#### Work item:
Leaving out the pictures, reproduce each record exactly and in full.

[Image-backed grounding data]
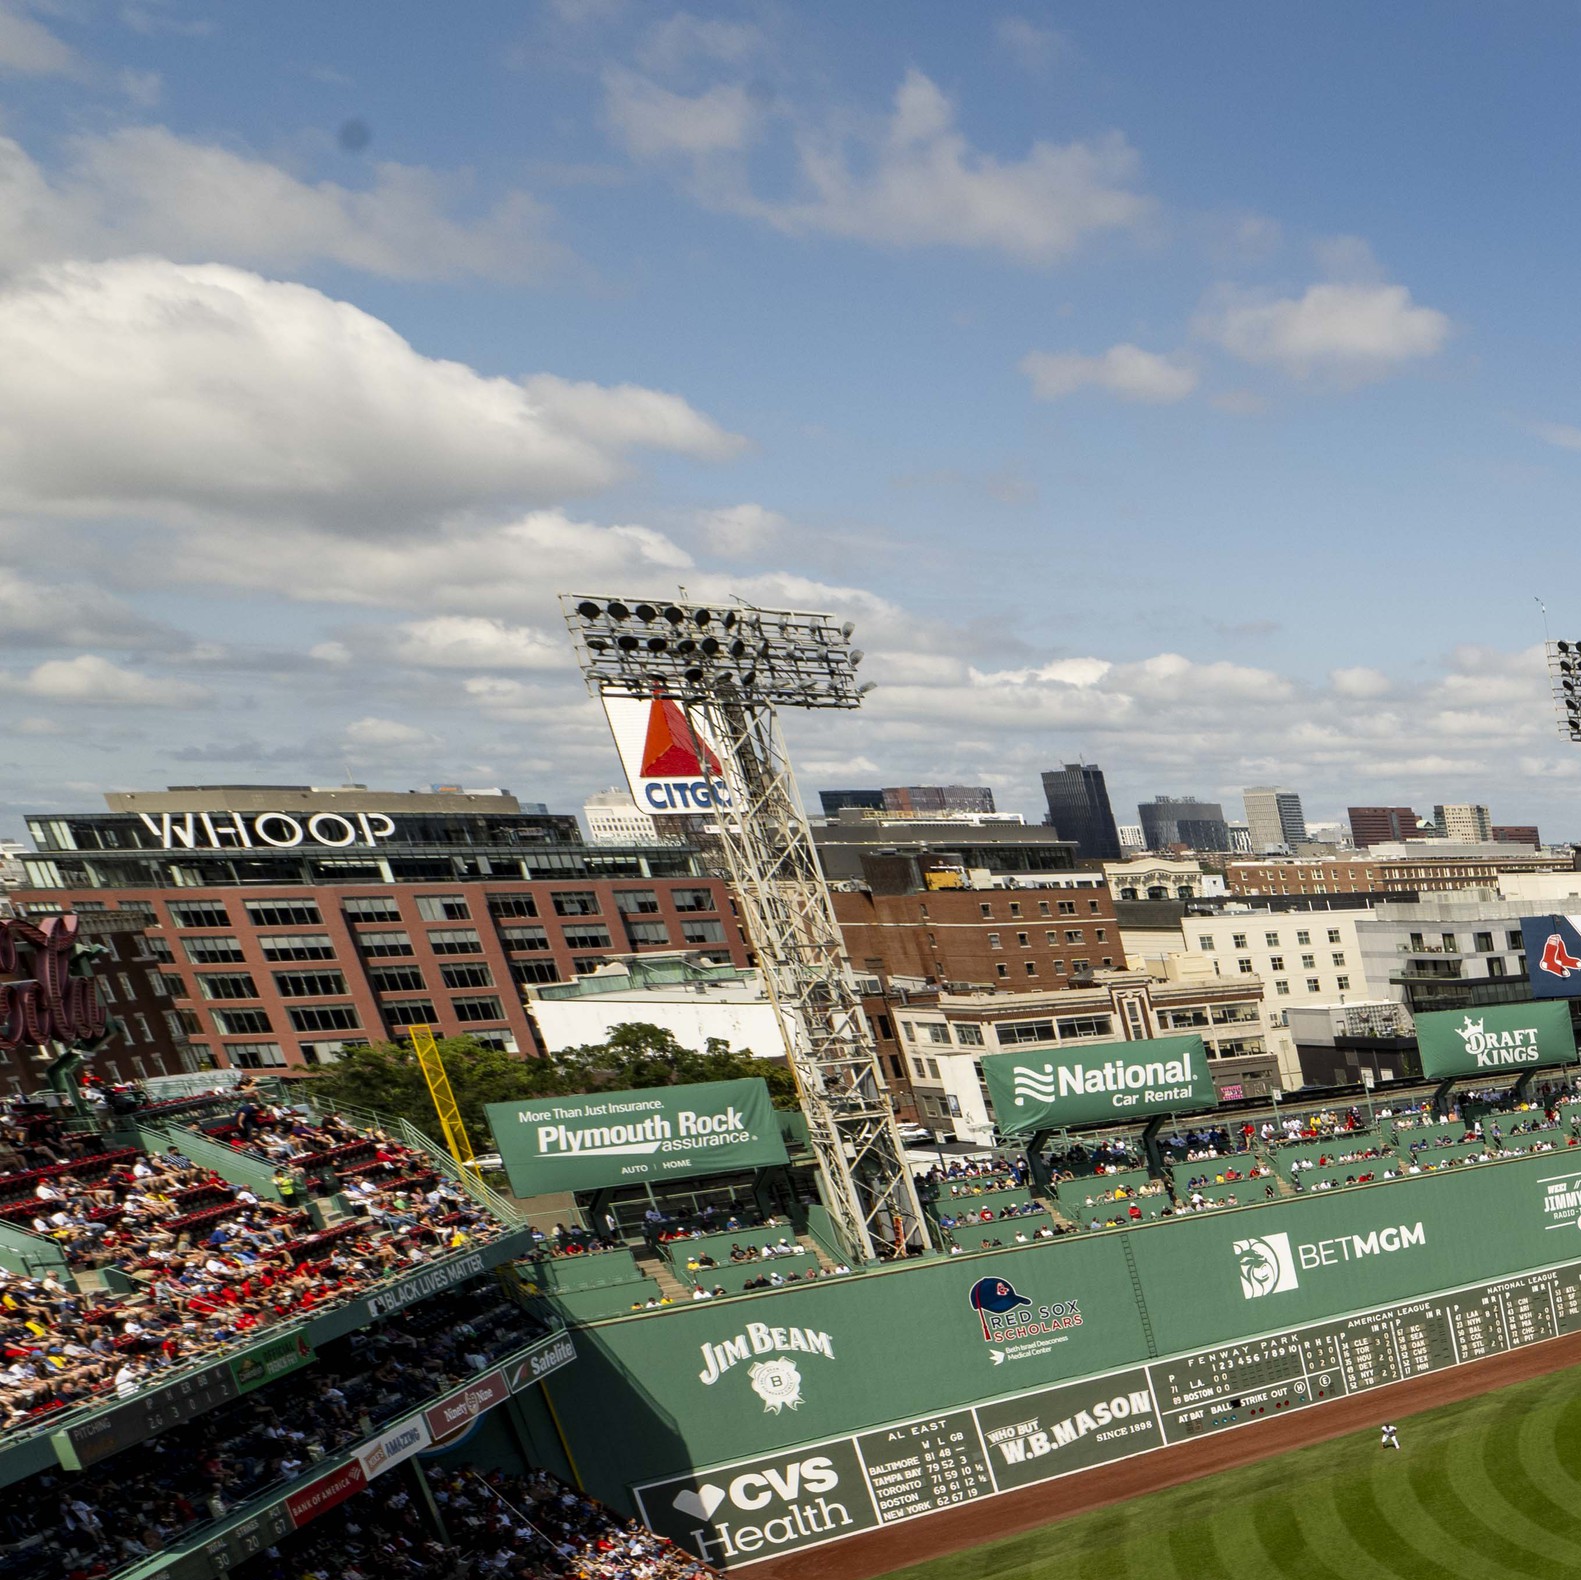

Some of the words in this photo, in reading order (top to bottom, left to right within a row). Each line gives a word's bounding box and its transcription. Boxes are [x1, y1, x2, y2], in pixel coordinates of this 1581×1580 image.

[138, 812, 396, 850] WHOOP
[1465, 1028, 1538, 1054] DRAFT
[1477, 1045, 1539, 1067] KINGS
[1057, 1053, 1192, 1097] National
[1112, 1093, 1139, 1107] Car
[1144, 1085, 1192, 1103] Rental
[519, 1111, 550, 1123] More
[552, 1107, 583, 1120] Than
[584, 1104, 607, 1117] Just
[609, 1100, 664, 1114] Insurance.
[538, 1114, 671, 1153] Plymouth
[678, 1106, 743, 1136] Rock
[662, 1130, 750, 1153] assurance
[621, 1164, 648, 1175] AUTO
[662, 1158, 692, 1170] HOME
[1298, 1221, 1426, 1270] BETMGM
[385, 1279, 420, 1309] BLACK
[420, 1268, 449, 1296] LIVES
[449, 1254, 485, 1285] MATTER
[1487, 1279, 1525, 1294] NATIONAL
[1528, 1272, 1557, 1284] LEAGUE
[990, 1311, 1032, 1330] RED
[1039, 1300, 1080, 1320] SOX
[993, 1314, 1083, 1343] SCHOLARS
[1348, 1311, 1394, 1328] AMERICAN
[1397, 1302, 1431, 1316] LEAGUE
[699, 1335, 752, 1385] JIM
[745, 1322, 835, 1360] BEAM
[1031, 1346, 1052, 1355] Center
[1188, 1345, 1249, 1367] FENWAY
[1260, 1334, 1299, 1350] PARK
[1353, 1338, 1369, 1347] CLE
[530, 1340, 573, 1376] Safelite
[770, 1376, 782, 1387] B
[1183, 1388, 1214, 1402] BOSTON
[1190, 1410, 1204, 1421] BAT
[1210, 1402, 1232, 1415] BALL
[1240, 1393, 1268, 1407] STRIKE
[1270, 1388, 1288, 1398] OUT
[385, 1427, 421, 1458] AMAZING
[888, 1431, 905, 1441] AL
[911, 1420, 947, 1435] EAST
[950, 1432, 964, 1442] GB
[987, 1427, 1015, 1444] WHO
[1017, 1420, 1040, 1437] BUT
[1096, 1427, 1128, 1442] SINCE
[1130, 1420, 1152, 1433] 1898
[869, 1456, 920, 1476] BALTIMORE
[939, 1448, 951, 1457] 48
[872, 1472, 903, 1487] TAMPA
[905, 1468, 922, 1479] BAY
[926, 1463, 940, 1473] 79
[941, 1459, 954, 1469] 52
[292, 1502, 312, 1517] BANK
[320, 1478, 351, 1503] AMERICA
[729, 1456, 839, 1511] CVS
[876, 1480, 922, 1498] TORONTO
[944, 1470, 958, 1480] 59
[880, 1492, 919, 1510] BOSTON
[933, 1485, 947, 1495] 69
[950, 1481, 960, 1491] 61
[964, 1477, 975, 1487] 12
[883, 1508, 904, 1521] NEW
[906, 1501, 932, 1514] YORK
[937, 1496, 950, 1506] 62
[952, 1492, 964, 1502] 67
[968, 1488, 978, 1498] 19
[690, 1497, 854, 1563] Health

#### Answer to this exercise:
Some of the words in this photo, in reading order (top to bottom, left to right within a row). Each line gives a word's bounding box and its transcription. Boxes are [x1, y1, x2, y2], in pixel coordinates of this 1581×1580 image.

[138, 812, 396, 850] WHOOP
[1465, 1028, 1538, 1054] DRAFT
[1477, 1045, 1539, 1067] KINGS
[1057, 1053, 1192, 1097] National
[1112, 1093, 1139, 1107] Car
[1144, 1085, 1192, 1103] Rental
[519, 1111, 550, 1123] More
[552, 1107, 583, 1120] Than
[584, 1104, 607, 1117] Just
[609, 1100, 664, 1114] Insurance.
[538, 1114, 671, 1153] Plymouth
[678, 1106, 743, 1136] Rock
[662, 1130, 750, 1153] assurance
[621, 1164, 648, 1175] AUTO
[662, 1158, 692, 1170] HOME
[1298, 1221, 1426, 1270] BETMGM
[385, 1279, 420, 1309] BLACK
[420, 1268, 449, 1296] LIVES
[449, 1254, 485, 1285] MATTER
[1487, 1279, 1525, 1294] NATIONAL
[1528, 1272, 1557, 1284] LEAGUE
[990, 1311, 1032, 1330] RED
[1039, 1300, 1080, 1320] SOX
[993, 1314, 1083, 1343] SCHOLARS
[1348, 1311, 1394, 1328] AMERICAN
[1397, 1302, 1431, 1316] LEAGUE
[699, 1335, 752, 1385] JIM
[745, 1322, 835, 1360] BEAM
[1031, 1346, 1052, 1355] Center
[1188, 1345, 1249, 1367] FENWAY
[1260, 1334, 1299, 1350] PARK
[1353, 1338, 1369, 1347] CLE
[530, 1340, 573, 1376] Safelite
[770, 1376, 782, 1387] B
[1183, 1388, 1214, 1402] BOSTON
[1190, 1410, 1204, 1421] BAT
[1210, 1402, 1232, 1415] BALL
[1240, 1393, 1268, 1407] STRIKE
[1270, 1388, 1288, 1398] OUT
[385, 1427, 421, 1458] AMAZING
[888, 1431, 905, 1441] AL
[911, 1420, 947, 1435] EAST
[950, 1432, 964, 1442] GB
[987, 1427, 1015, 1444] WHO
[1017, 1420, 1040, 1437] BUT
[1096, 1427, 1128, 1442] SINCE
[1130, 1420, 1152, 1433] 1898
[869, 1456, 920, 1476] BALTIMORE
[939, 1448, 951, 1457] 48
[872, 1472, 903, 1487] TAMPA
[905, 1468, 922, 1479] BAY
[926, 1463, 940, 1473] 79
[941, 1459, 954, 1469] 52
[292, 1502, 312, 1517] BANK
[320, 1478, 351, 1503] AMERICA
[729, 1456, 839, 1511] CVS
[876, 1480, 922, 1498] TORONTO
[944, 1470, 958, 1480] 59
[880, 1492, 919, 1510] BOSTON
[933, 1485, 947, 1495] 69
[950, 1481, 960, 1491] 61
[964, 1477, 975, 1487] 12
[883, 1508, 904, 1521] NEW
[906, 1501, 932, 1514] YORK
[937, 1496, 950, 1506] 62
[952, 1492, 964, 1502] 67
[968, 1488, 978, 1498] 19
[690, 1497, 854, 1563] Health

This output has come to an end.